### [What to work on]
Write the records out exactly as they read, but not the pictures.

### [Material for the task]
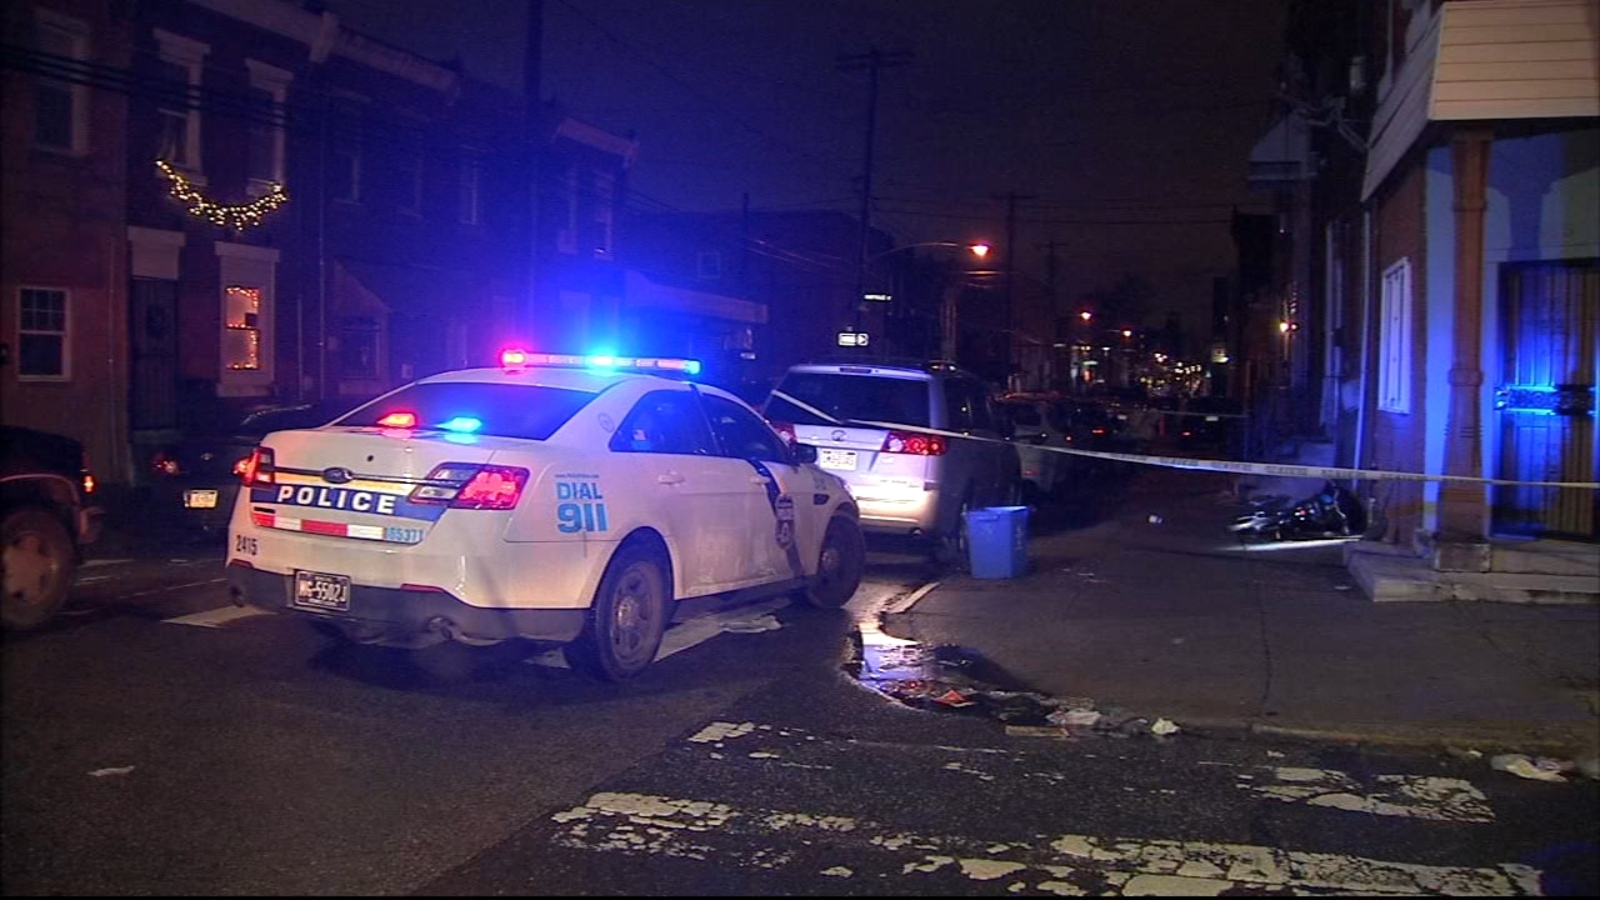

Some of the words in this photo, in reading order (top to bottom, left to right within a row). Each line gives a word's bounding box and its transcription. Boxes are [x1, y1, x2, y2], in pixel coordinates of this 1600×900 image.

[277, 486, 395, 514] POLICE
[556, 482, 603, 499] DIAL
[557, 503, 608, 533] 911
[236, 534, 257, 556] 2415
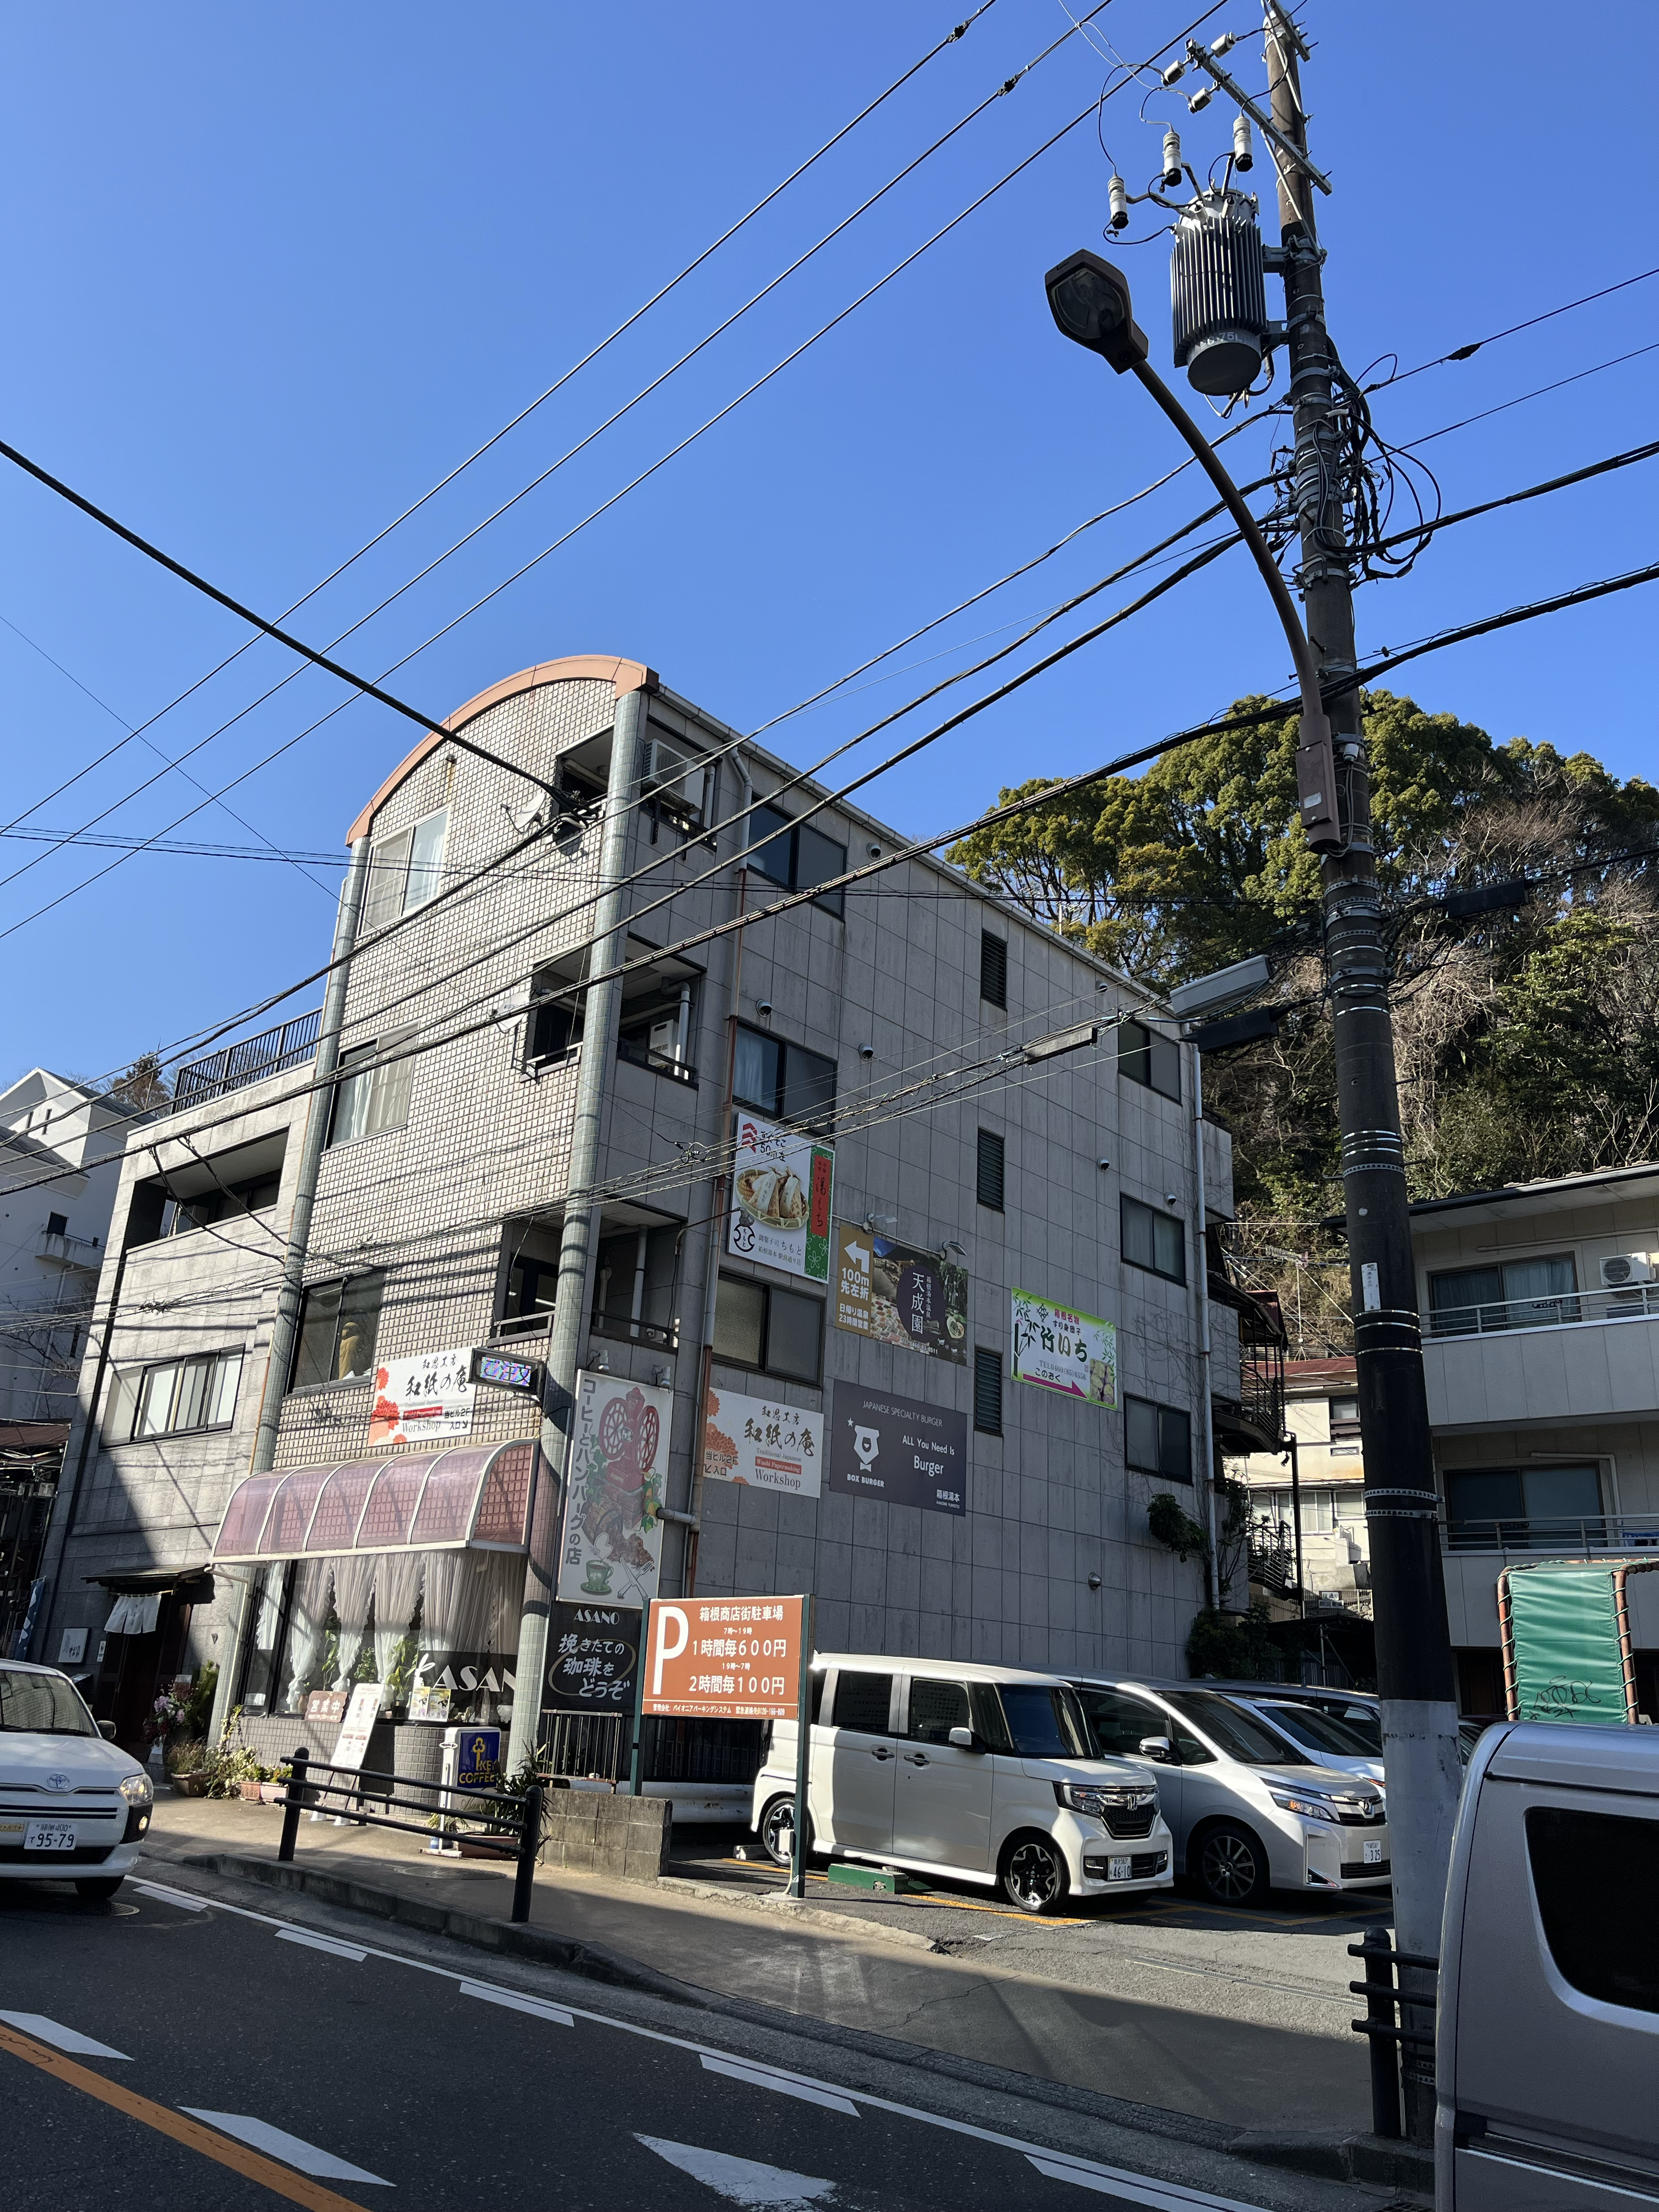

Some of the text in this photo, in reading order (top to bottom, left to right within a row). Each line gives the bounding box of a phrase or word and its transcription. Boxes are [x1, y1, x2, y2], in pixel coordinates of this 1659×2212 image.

[781, 1240, 802, 1256] ちもと
[842, 1267, 870, 1287] 100m
[840, 1280, 869, 1301] 先左折
[839, 1302, 869, 1320] 日帰り温泉
[911, 1272, 925, 1335] 天成園
[1041, 1325, 1087, 1362] 竹いち
[1035, 1367, 1060, 1383] このおく
[862, 1400, 943, 1427] JAPANESE SPECIALTY BURGER
[402, 1421, 441, 1434] Workshop
[449, 1421, 461, 1430] 入口
[757, 1447, 802, 1463] Traditional Japanese
[902, 1435, 955, 1455] ALL You Need Is
[566, 1378, 596, 1565] コーヒーとハンバーグの店
[713, 1466, 727, 1477] 入口
[913, 1455, 944, 1477] Burger
[755, 1469, 801, 1490] Workshop
[847, 1473, 885, 1488] BOX BURGER
[936, 1488, 960, 1503] 箱根湯本
[573, 1609, 620, 1625] ASANO
[699, 1605, 783, 1622] 箱根商店街駐車場
[558, 1633, 624, 1655] 挽きたての
[652, 1606, 689, 1695] P
[693, 1638, 787, 1658] 1時間毎600円
[563, 1656, 614, 1677] 珈琲を
[579, 1677, 630, 1700] どうぞ
[689, 1674, 785, 1695] 2時間毎100円
[673, 1705, 731, 1714] パイオニアパーキングシステム
[36, 1833, 75, 1848] 95-79

### [Expected answer]
Some of the words in this photo, in reading order (top to bottom, left to right within a row). Each line gives a word's bounding box and its transcription. Boxes are [x1, y1, x2, y2], in pixel coordinates of this 1600×900 image.

[277, 486, 395, 514] POLICE
[556, 482, 603, 499] DIAL
[557, 503, 608, 533] 911
[236, 534, 257, 556] 2415

Some of the text in this photo, in reading order (top to bottom, left to right within a row). Each line gives the bounding box of a phrase or word and its transcription. Boxes are [x1, y1, x2, y2], in pixel coordinates of this 1659×2212 image.

[781, 1240, 802, 1256] ちもと
[842, 1267, 870, 1287] 100m
[840, 1280, 869, 1301] 先左折
[839, 1302, 869, 1320] 日帰り温泉
[911, 1272, 925, 1335] 天成園
[1041, 1325, 1087, 1362] 竹いち
[1035, 1367, 1060, 1383] このおく
[862, 1400, 943, 1427] JAPANESE SPECIALTY BURGER
[402, 1421, 441, 1434] Workshop
[449, 1421, 461, 1430] 入口
[757, 1447, 802, 1463] Traditional Japanese
[902, 1435, 955, 1455] ALL You Need Is
[566, 1378, 596, 1565] コーヒーとハンバーグの店
[713, 1466, 727, 1477] 入口
[913, 1455, 944, 1477] Burger
[755, 1469, 801, 1490] Workshop
[847, 1473, 885, 1488] BOX BURGER
[936, 1488, 960, 1503] 箱根湯本
[573, 1609, 620, 1625] ASANO
[699, 1605, 783, 1622] 箱根商店街駐車場
[558, 1633, 624, 1655] 挽きたての
[652, 1606, 689, 1695] P
[693, 1638, 787, 1658] 1時間毎600円
[563, 1656, 614, 1677] 珈琲を
[579, 1677, 630, 1700] どうぞ
[689, 1674, 785, 1695] 2時間毎100円
[673, 1705, 731, 1714] パイオニアパーキングシステム
[36, 1833, 75, 1848] 95-79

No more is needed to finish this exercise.